Lastly, this doesn't count carriers that are sick but unconfirmed. That's probably fine, but a query to include these as-of-yet-unconfirmed individuals may at least show risk, if they're sick but we're missing the ConfirmedTime, as in Usr5 with a NULL confirmed time (this is equivalent to not having a confirmed time at all in Neo4j, since there is no such thing as a NULL property value, NULL is equivalent to nonexistence).
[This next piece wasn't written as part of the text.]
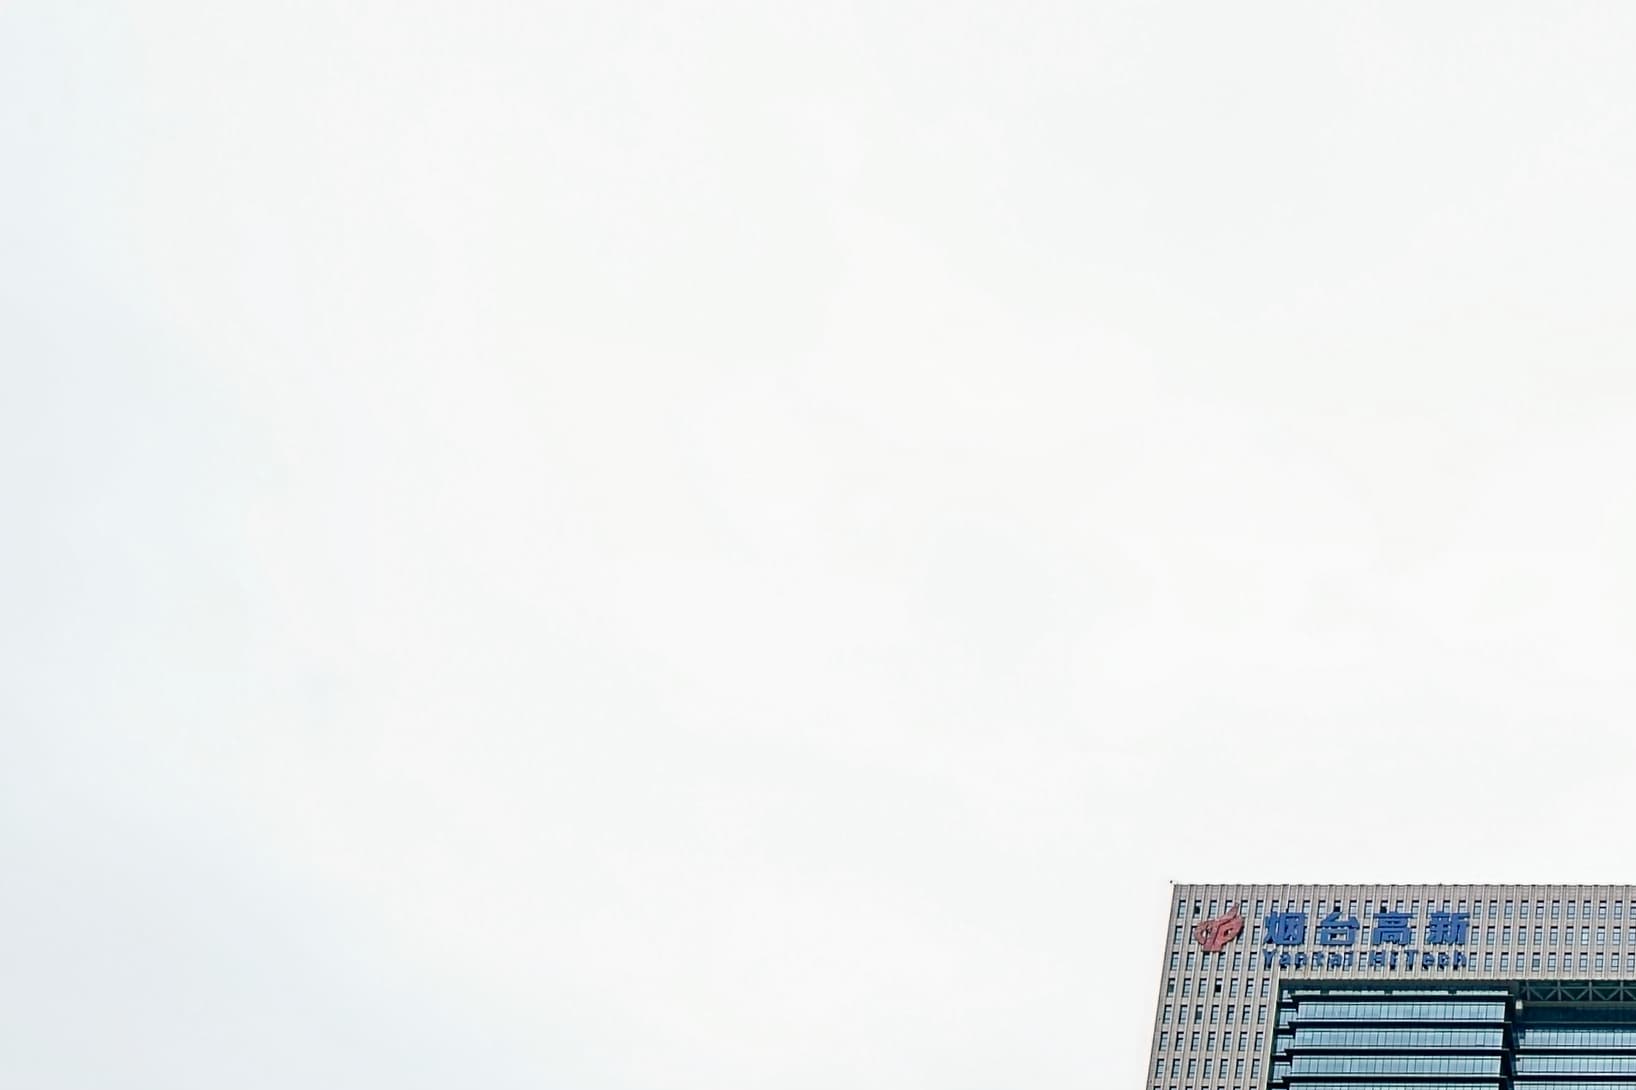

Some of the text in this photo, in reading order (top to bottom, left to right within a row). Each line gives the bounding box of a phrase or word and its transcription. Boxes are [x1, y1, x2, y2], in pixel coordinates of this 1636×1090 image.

[1264, 910, 1471, 946] 烟台高新
[1261, 949, 1355, 970] Yantai
So with those flaws in the original query in mind, let's create something that covers all of 01-23, allows inclusivity on the date and time boundaries, and can also identify potential carriers that are sick but don't have a confirmed time:

MATCH (p:Person {ID:2020020201})-[stay1:stay]->(pl:Place)<-[stay2:stay]-(carrier)
WHERE dateTime('2020-01-23T00:00:00') < stay1.start_time < dateTime('2020-01-23T23:00:00')
 AND apoc.coll.max([stay1.start_time.epochMillis, stay2.start_time.epochMillis]) <= apoc.coll.min([stay1.end_time.epochMillis, stay2.end_time.epochMillis])
 AND carrier.HealthStatus = 'Sick' AND coalesce(carrier.ConfirmedTime, date("2020-01-23")) <= date("2020-01-23")
 RETURN pl, carrier

The second part of the WHERE clause dealing with maxes and mins uses functions from APOC procedures to perform scaler min() and max() across values within a single row, since the native min() and max() functions in Cypher are aggregation functions, which aren't what we need here.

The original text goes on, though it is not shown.